The Three Tides to Find Her by Jeanette Renken She never thought anyone would notice her—especially not them. At nearly 40, she's been overlooked her whole life: in love, in work, and in her own reflection. When she wins tickets to a luxury cruise, it's supposed to be a break. A quiet escape. But the Midnight Eclipse is anything but ordinary. Three strangers seem drawn to her—each one intense, magnetic, and haunted by secrets of their own. Jude, the quiet protector. Axel, the flirty wildfire. Solace, the storm wrapped in silence. They don’t know each other, but they all know her... or think they do. As nights grow darker and whispers circle the decks, a mysterious girl goes missing—and the cruise turns from a dream into a waking storm of obsession, hidden agendas, and dangerous truths. Someone is watching. Someone is choosing. And she may not be invisible anymore... but that doesn't mean she's safe. She came here to disappear. Now she might be the only one who can save them.

Status
Complete
Chapters
35
Rating
n/a
Age Rating
18+

Shells No One Notices

Chapter One – Shells No One Notices

I was forty years old and still waiting to feel like I belonged somewhere.
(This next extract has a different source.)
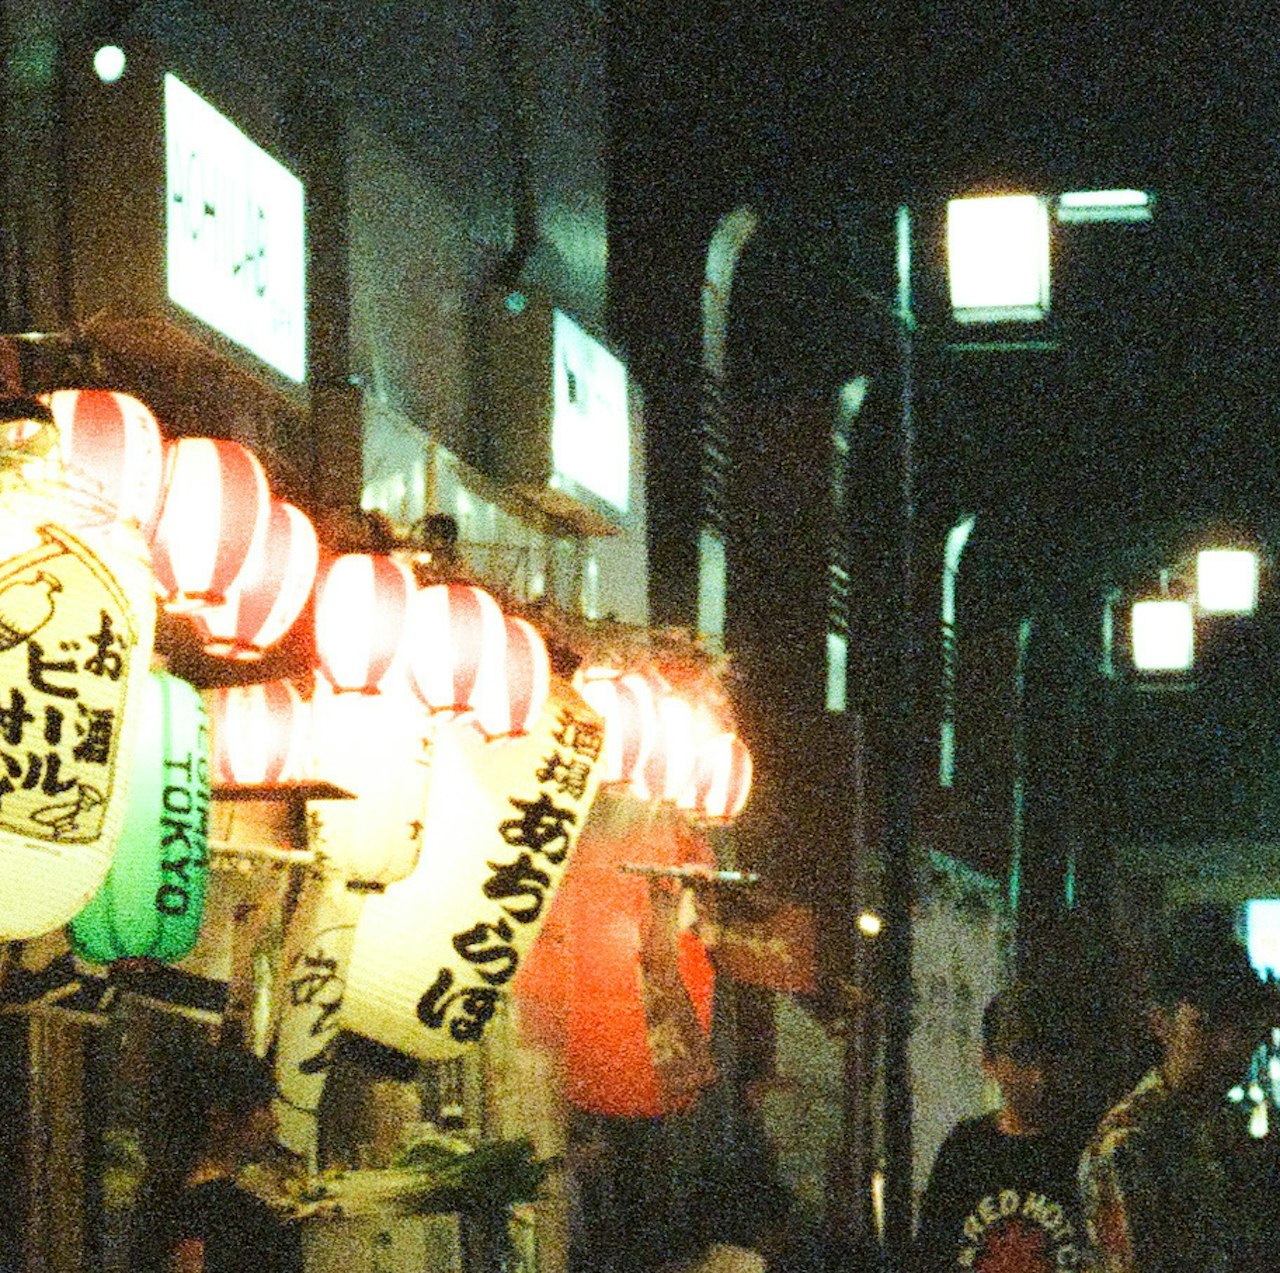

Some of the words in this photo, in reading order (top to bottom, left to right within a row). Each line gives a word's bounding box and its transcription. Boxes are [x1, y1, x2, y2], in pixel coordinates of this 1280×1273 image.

Not in my childhood home, where silence rang louder than love. Not in school, where whispers and stares followed me like a second skin. Not in the arms of men who only ever saw what they could take. And definitely not in the fluorescent-lit office where I spent forty hours a week as a glorified errand girl — passed over, talked down to, and laughed at behind screens that lit up with group chats I was never invited to.

They called me “the mule” — always carrying something for someone else. Coffee, files, dry cleaning, lunch orders, snacks for meetings I wasn’t allowed to sit in. I laughed when they joked. Smiled when I wanted to cry. Took up as little space as I could, even though the world never let me forget how much space I filled.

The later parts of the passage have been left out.